> [HOW TO COMPLETE THIS TASK] Transcribe the records word for word. Leave every picture out.

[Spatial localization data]
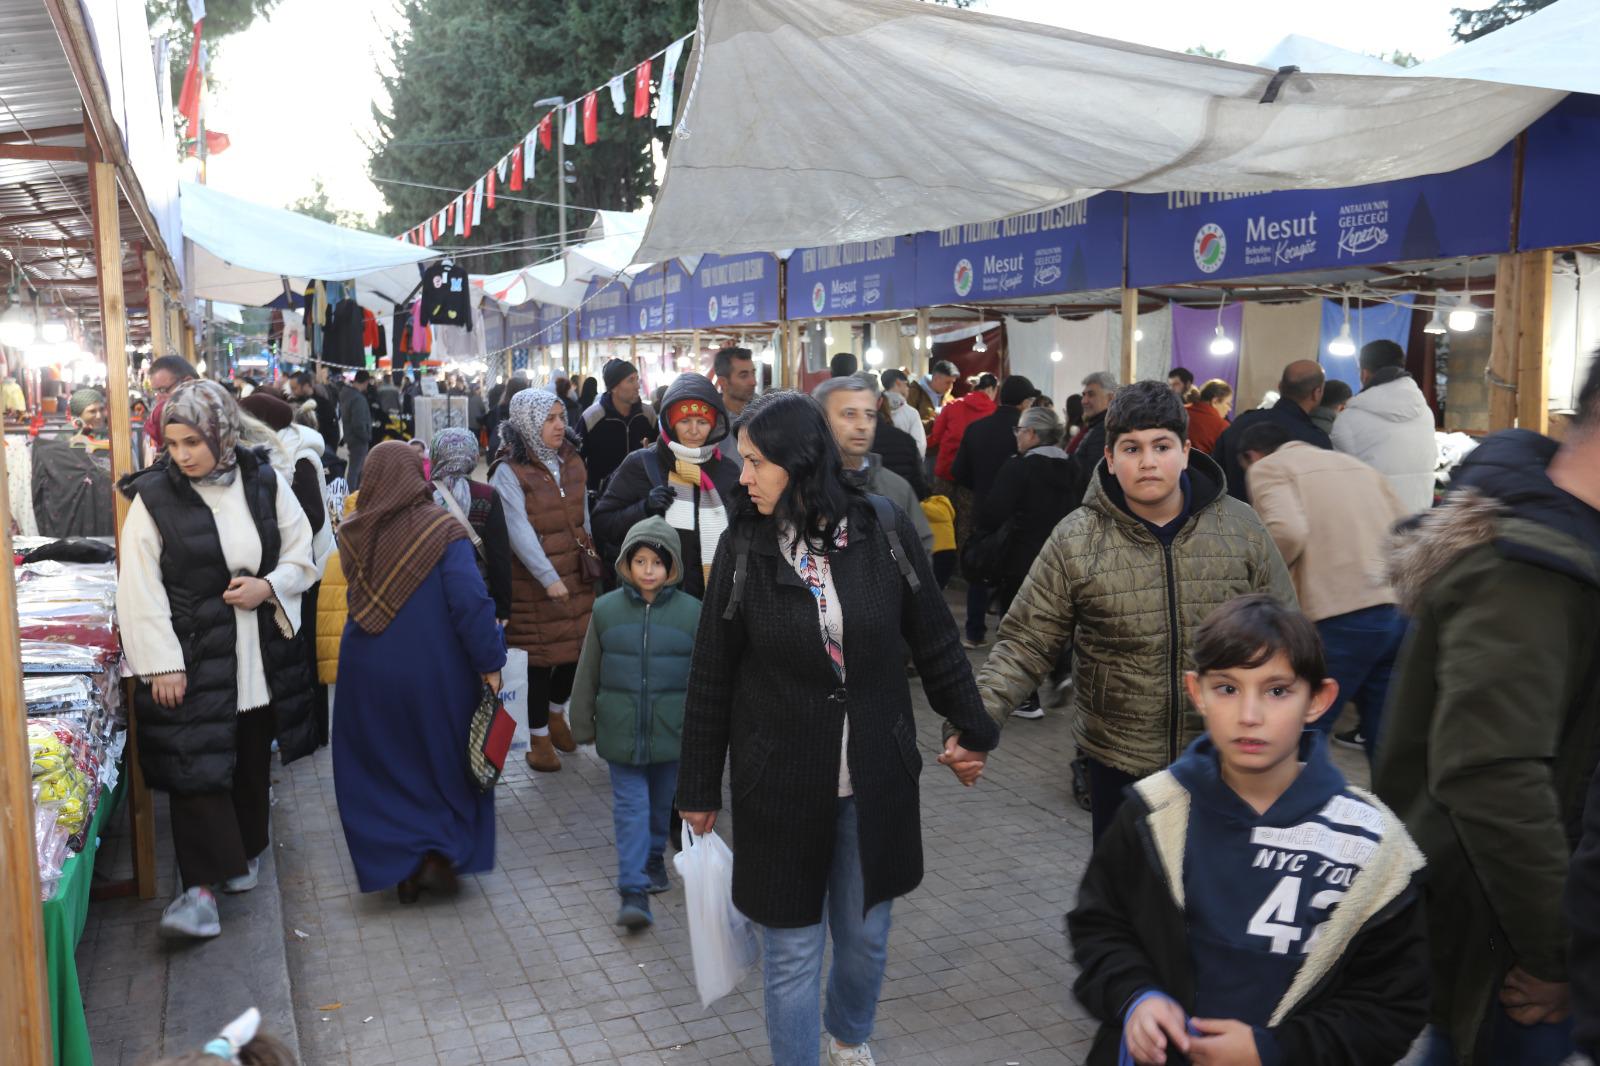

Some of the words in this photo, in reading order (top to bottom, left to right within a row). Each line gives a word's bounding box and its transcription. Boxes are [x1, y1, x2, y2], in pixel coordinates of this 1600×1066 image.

[1246, 211, 1318, 243] Mesut
[983, 253, 1024, 275] Mesut
[1252, 848, 1308, 873] NYC
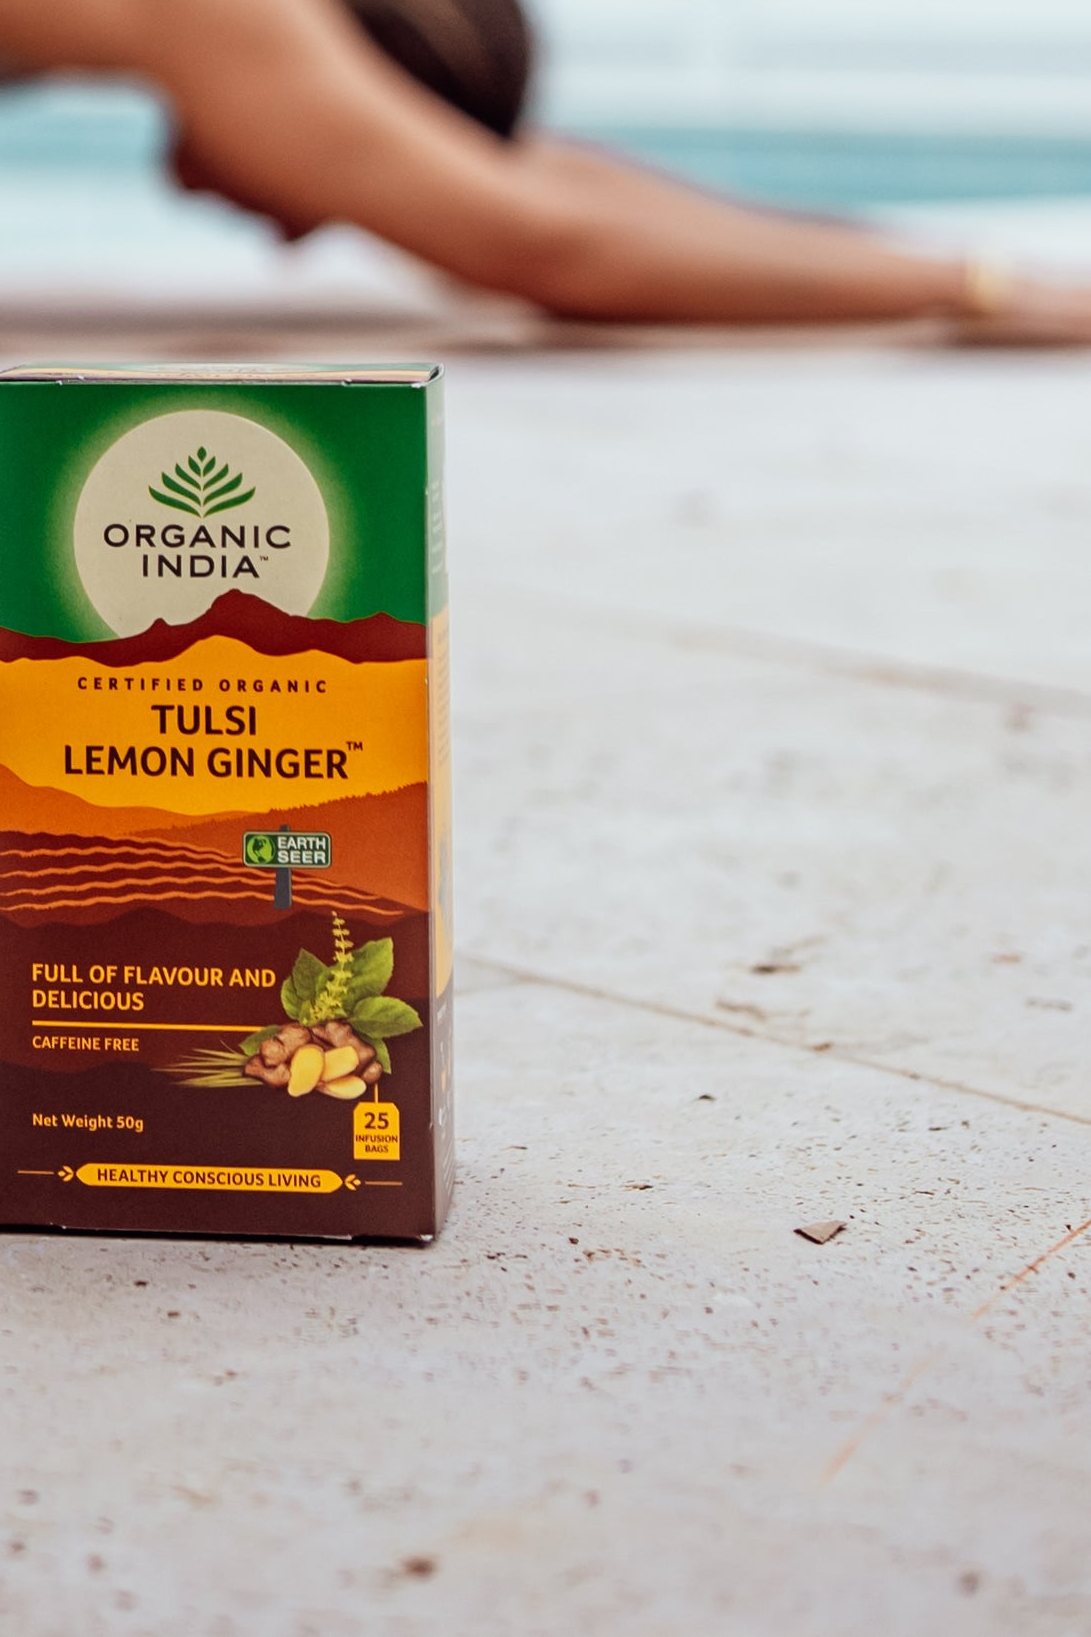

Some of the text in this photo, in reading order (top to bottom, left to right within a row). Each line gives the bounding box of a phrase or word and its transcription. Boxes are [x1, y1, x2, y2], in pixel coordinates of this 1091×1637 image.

[103, 524, 291, 549] ORGANIC
[77, 677, 327, 693] CERTIFIED ORGANIC
[151, 704, 257, 735] TULSI
[64, 745, 195, 776] LEMON
[277, 836, 326, 850] EARTH
[277, 850, 326, 864] SEER
[32, 963, 276, 988] FULL OF FLAVOUR AND
[32, 990, 144, 1011] DELICIOUS
[32, 1035, 140, 1052] CAFFEINE FREE
[32, 1113, 144, 1133] Net Weight 50g
[364, 1112, 389, 1130] 25
[355, 1134, 398, 1143] INFUSION
[365, 1144, 389, 1153] BAGS
[97, 1168, 321, 1188] HEALTHY CONSCIOUS LIVING
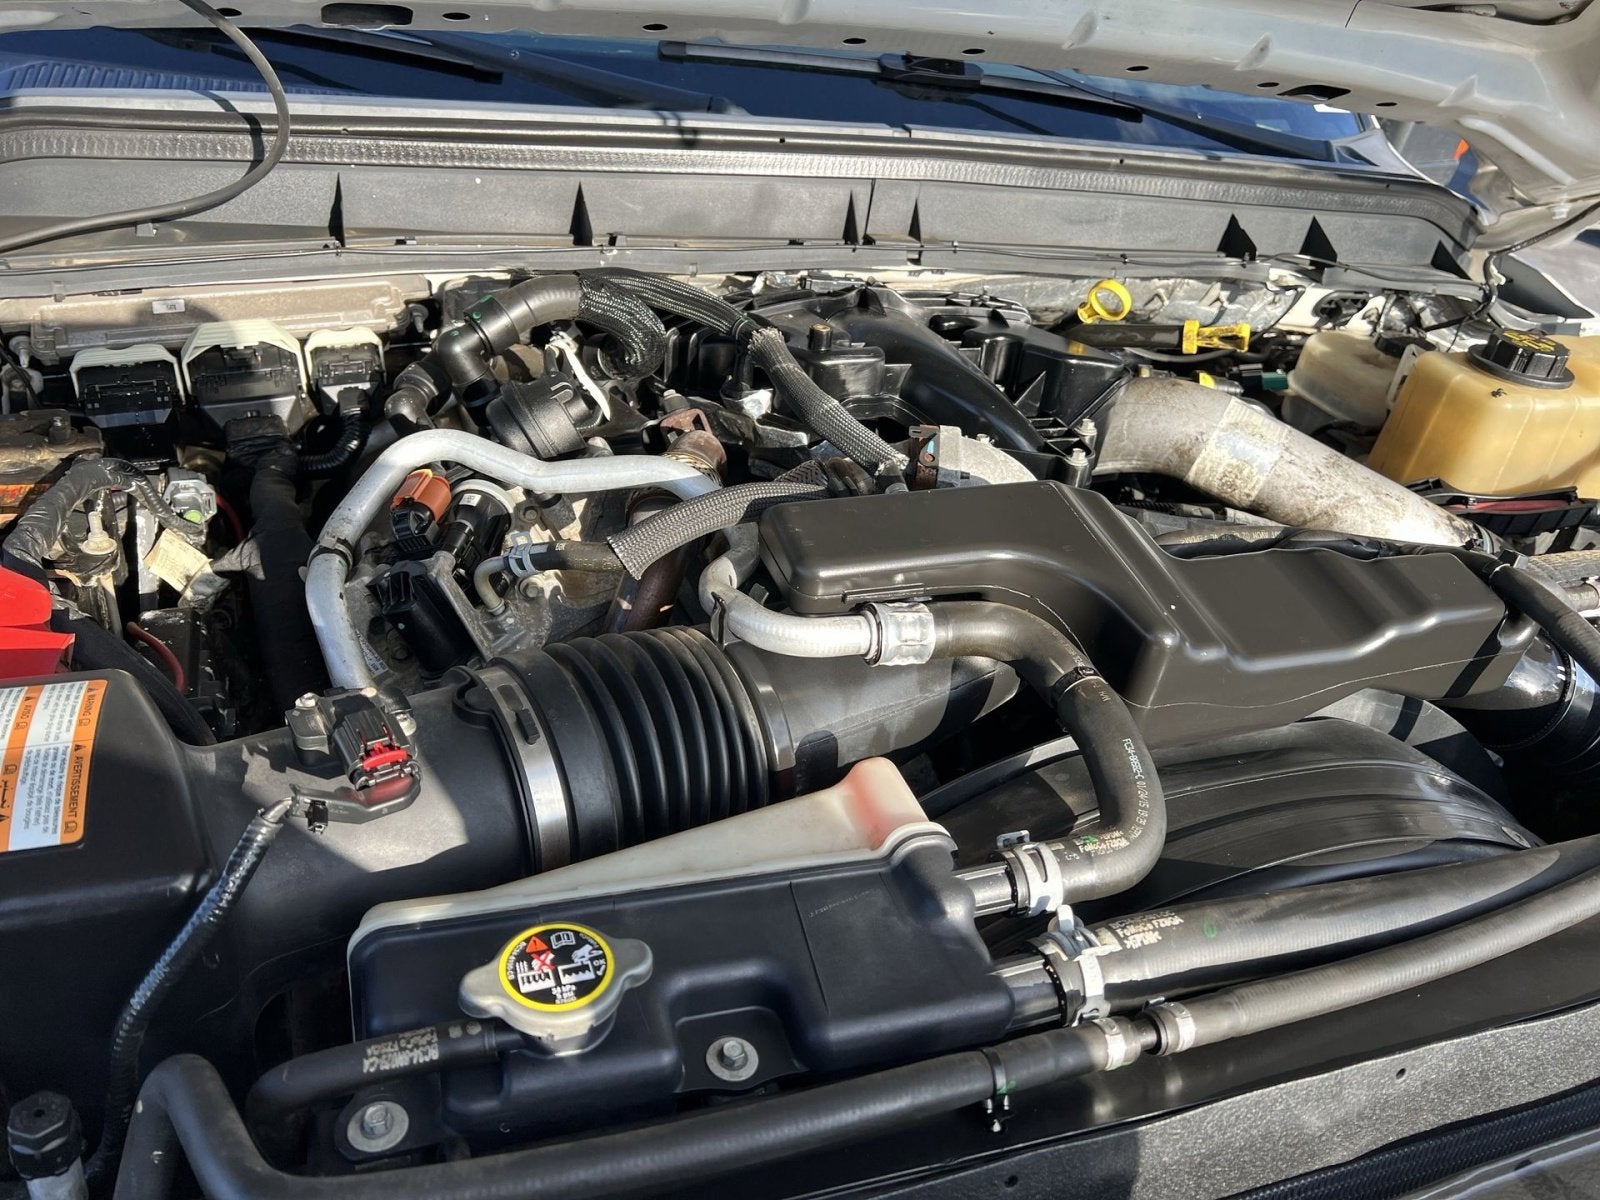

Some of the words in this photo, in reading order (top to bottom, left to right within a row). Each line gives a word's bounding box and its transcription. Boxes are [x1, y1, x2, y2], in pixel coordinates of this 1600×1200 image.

[82, 693, 96, 717] WARNING
[68, 756, 84, 818] AVERTISSEMENT
[593, 959, 606, 967] OK
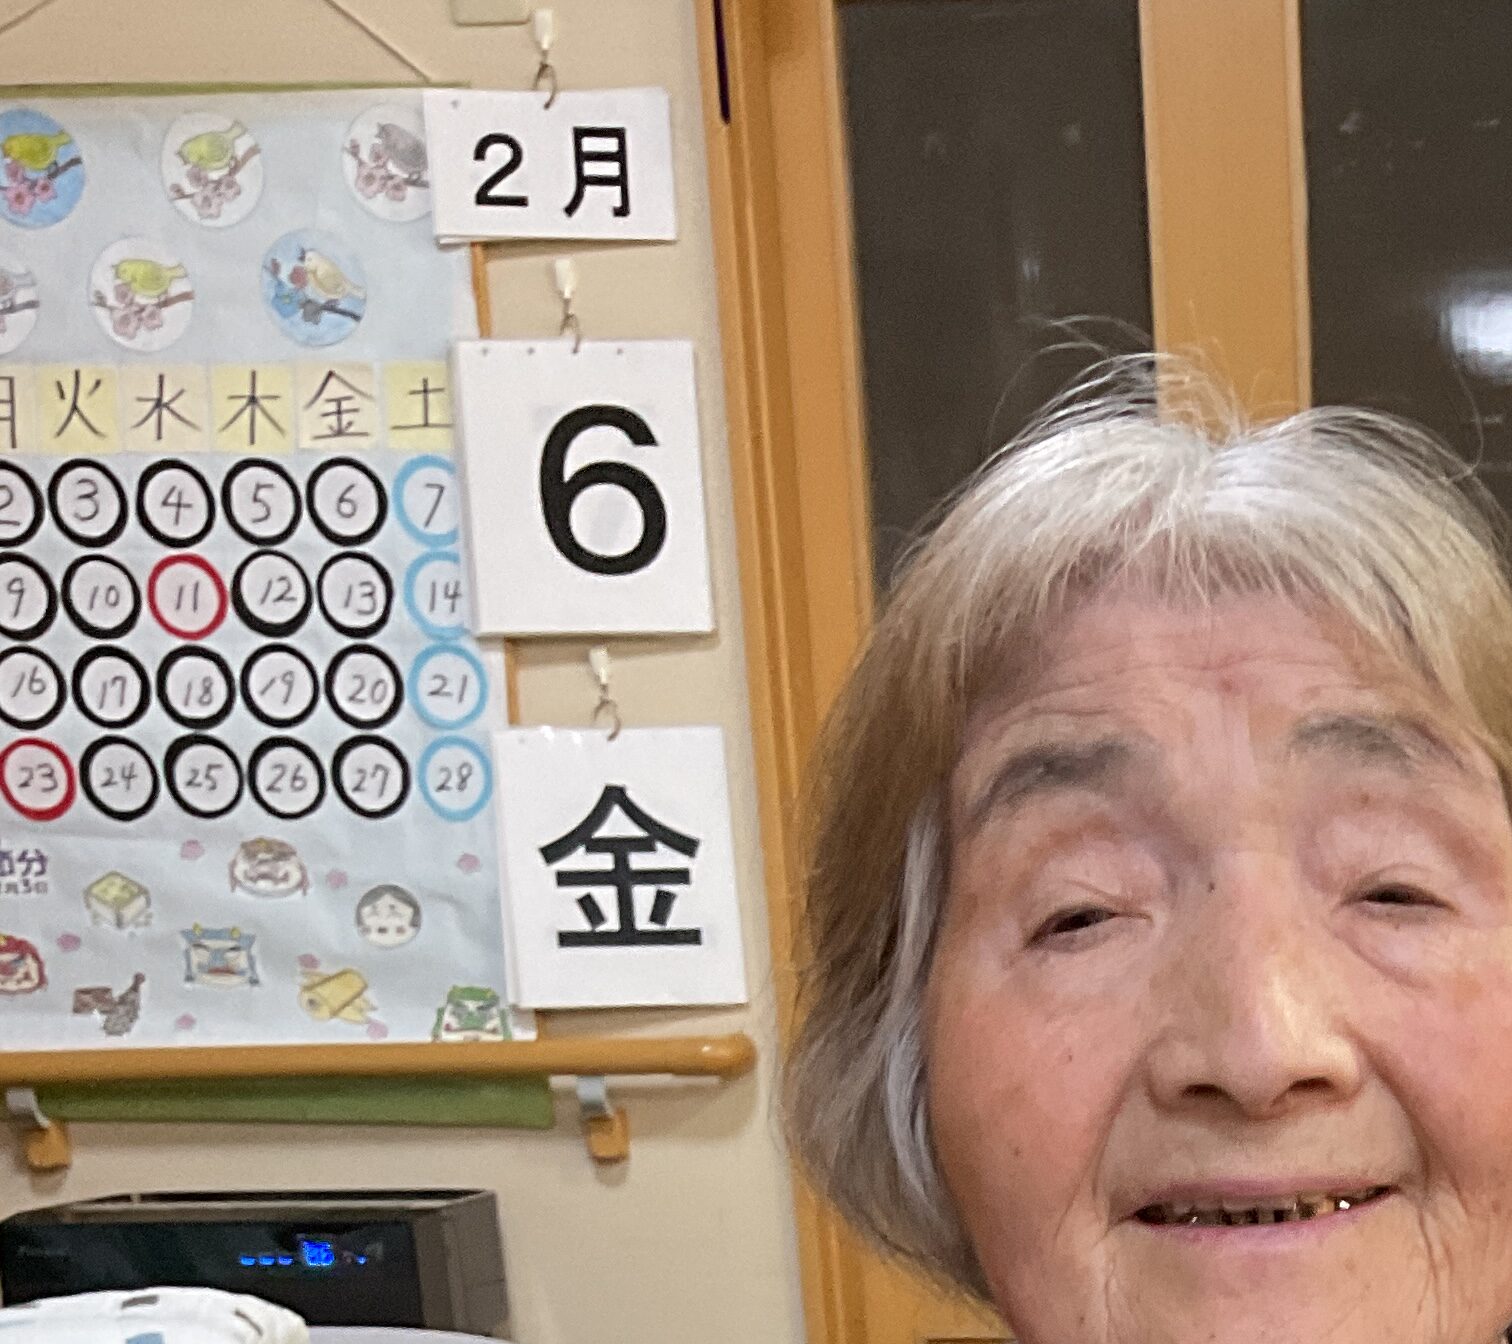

> [TASK SOLUTION]
Some of the words in this photo, in reading order (top to bottom, left to right within a row). Each line gives a word's bounding box and its transcription. Boxes are [x1, y1, x2, y2], in pixel coordinates of this 1600×1066 image.

[1246, 211, 1318, 243] Mesut
[983, 253, 1024, 275] Mesut
[1252, 848, 1308, 873] NYC

Some of the text in this photo, in reading order (top to bottom, left to right within a row). Each line gives the bounding box of a phrase or word and its transcription. Boxes are [x1, y1, x2, y2], in pixel coordinates of this 1091×1637 image.

[103, 524, 291, 549] ORGANIC
[77, 677, 327, 693] CERTIFIED ORGANIC
[151, 704, 257, 735] TULSI
[64, 745, 195, 776] LEMON
[277, 836, 326, 850] EARTH
[277, 850, 326, 864] SEER
[32, 963, 276, 988] FULL OF FLAVOUR AND
[32, 990, 144, 1011] DELICIOUS
[32, 1035, 140, 1052] CAFFEINE FREE
[32, 1113, 144, 1133] Net Weight 50g
[364, 1112, 389, 1130] 25
[355, 1134, 398, 1143] INFUSION
[365, 1144, 389, 1153] BAGS
[97, 1168, 321, 1188] HEALTHY CONSCIOUS LIVING

Some of the words in this photo, in reading order (top to bottom, left to right within a row). Each line gives a word's bounding box and its transcription. Boxes are [x1, y1, x2, y2], in pixel coordinates of this 1600×1200 image.

[82, 693, 96, 717] WARNING
[68, 756, 84, 818] AVERTISSEMENT
[593, 959, 606, 967] OK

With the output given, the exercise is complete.